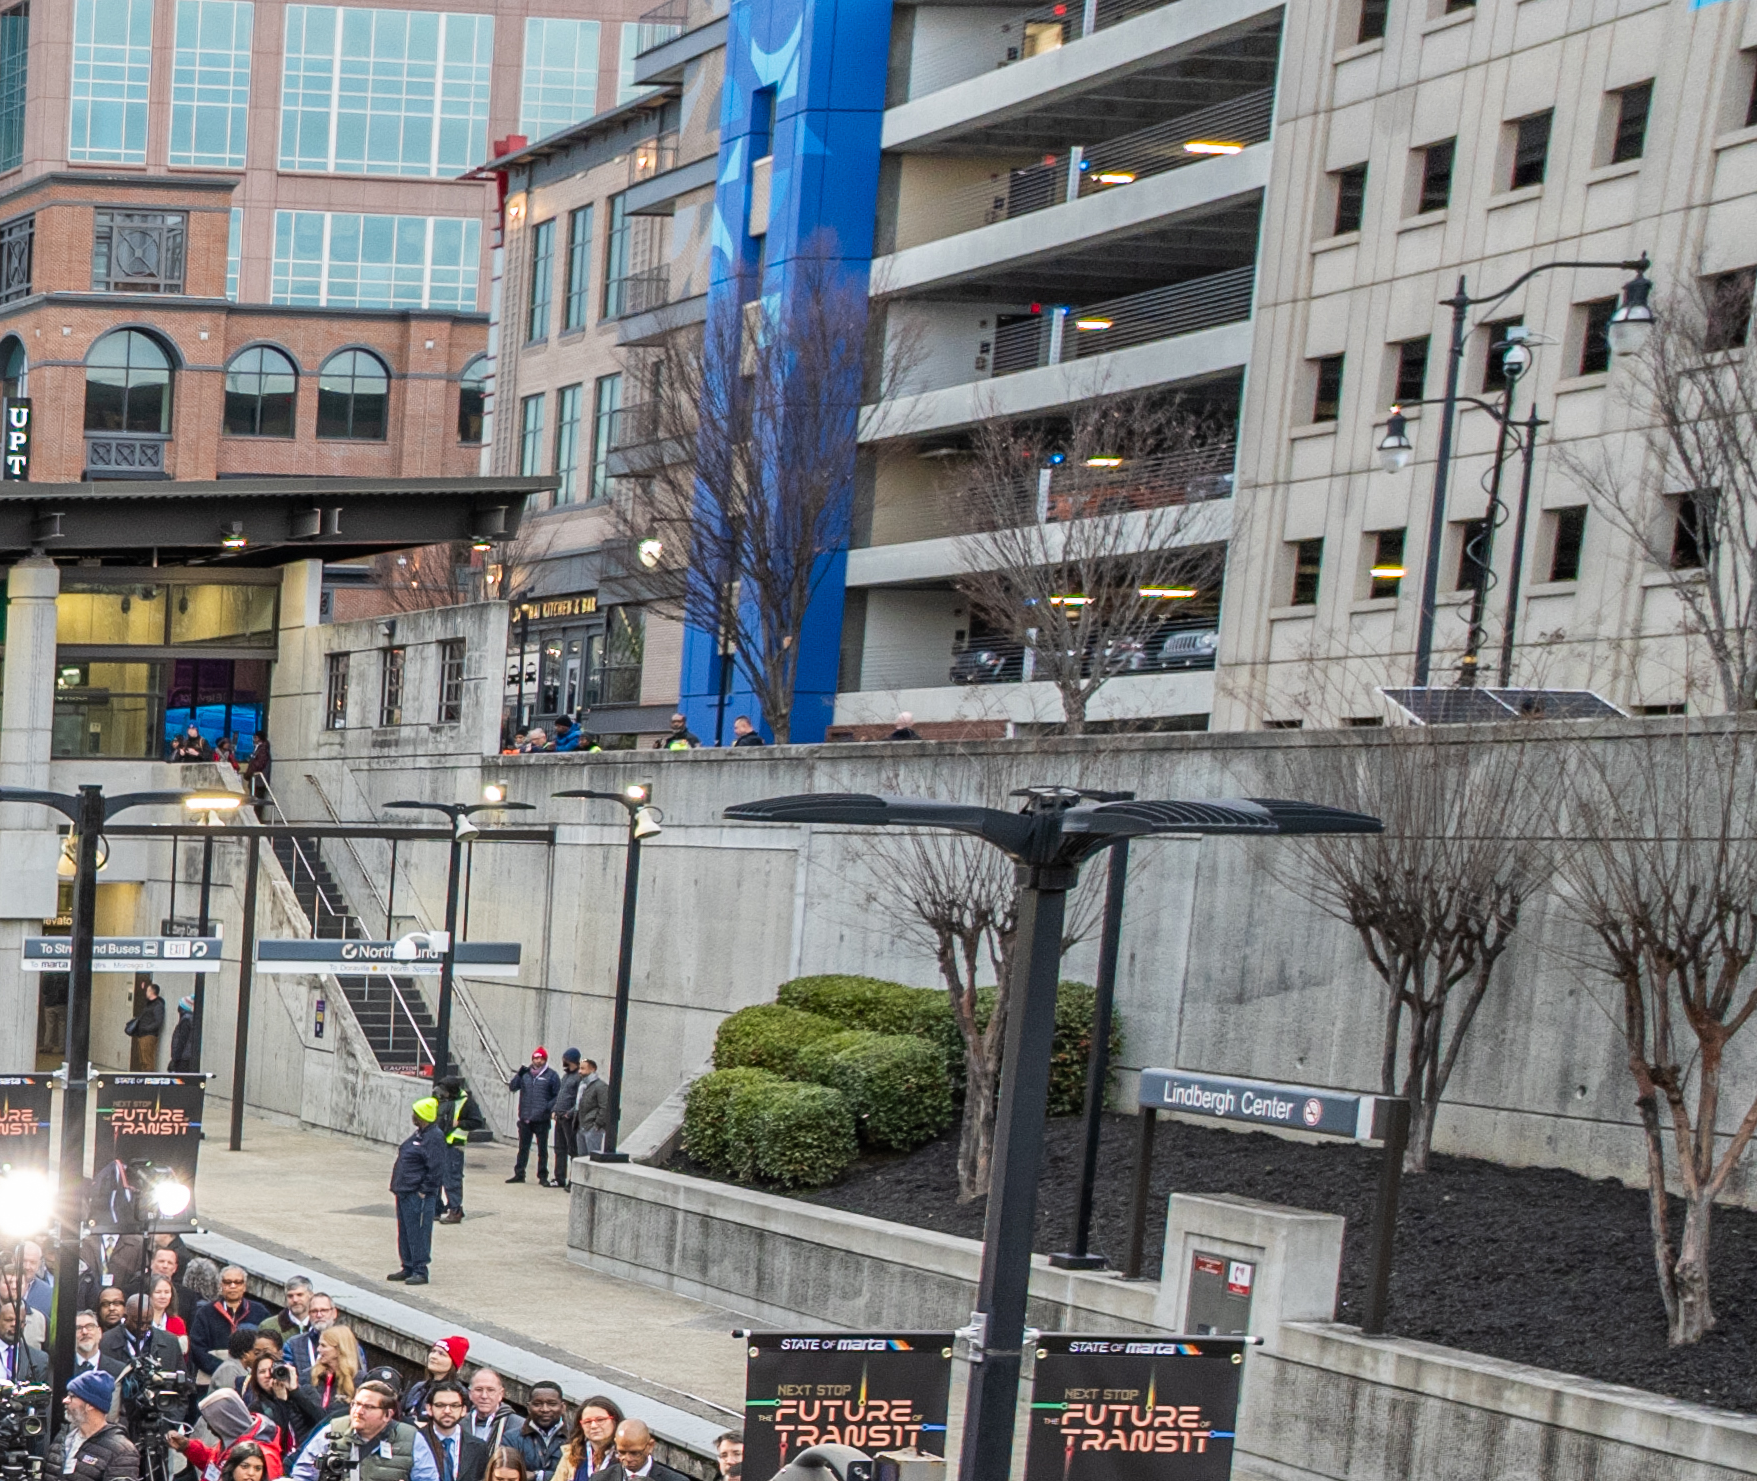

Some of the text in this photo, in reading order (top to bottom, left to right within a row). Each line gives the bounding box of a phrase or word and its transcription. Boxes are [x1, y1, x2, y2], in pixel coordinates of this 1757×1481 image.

[7, 408, 29, 482] UPT
[542, 600, 572, 618] KITCHEN
[581, 596, 597, 614] BAR
[43, 916, 72, 926] levato
[40, 943, 53, 954] To
[93, 943, 106, 954] nd
[108, 943, 141, 954] Buses
[358, 944, 438, 959] Northund
[114, 1077, 136, 1085] STATE
[144, 1077, 171, 1085] marta
[1163, 1080, 1295, 1120] Lindbergh Center
[111, 1108, 185, 1122] FUTURE
[111, 1121, 190, 1136] TRANSIT
[781, 1338, 886, 1350] STATE OF marta
[1069, 1341, 1176, 1355] STATE OF marta
[777, 1384, 852, 1396] NEXT STOP
[1064, 1388, 1140, 1400] NEXT STOP
[775, 1400, 913, 1422] FUTURE
[1044, 1404, 1212, 1428] THE FUTURE OF
[774, 1425, 923, 1447] TRANSIT
[1060, 1429, 1211, 1453] TRANSIT

┄┄┄┄┄┄

EXERCISE INSTRUCTIONS
Set the listing above down again exactly, leaving pictures out.

REPLY
Some of the text in this photo, in reading order (top to bottom, left to right within a row). Each line gives the bounding box of a phrase or word and its transcription. Boxes are [x1, y1, x2, y2], in pixel coordinates of this 1757×1481 image.

[7, 408, 29, 482] UPT
[542, 600, 572, 618] KITCHEN
[581, 596, 597, 614] BAR
[43, 916, 72, 926] levato
[40, 943, 53, 954] To
[93, 943, 106, 954] nd
[108, 943, 141, 954] Buses
[358, 944, 438, 959] Northund
[114, 1077, 136, 1085] STATE
[144, 1077, 171, 1085] marta
[1163, 1080, 1295, 1120] Lindbergh Center
[111, 1108, 185, 1122] FUTURE
[111, 1121, 190, 1136] TRANSIT
[781, 1338, 886, 1350] STATE OF marta
[1069, 1341, 1176, 1355] STATE OF marta
[777, 1384, 852, 1396] NEXT STOP
[1064, 1388, 1140, 1400] NEXT STOP
[775, 1400, 913, 1422] FUTURE
[1044, 1404, 1212, 1428] THE FUTURE OF
[774, 1425, 923, 1447] TRANSIT
[1060, 1429, 1211, 1453] TRANSIT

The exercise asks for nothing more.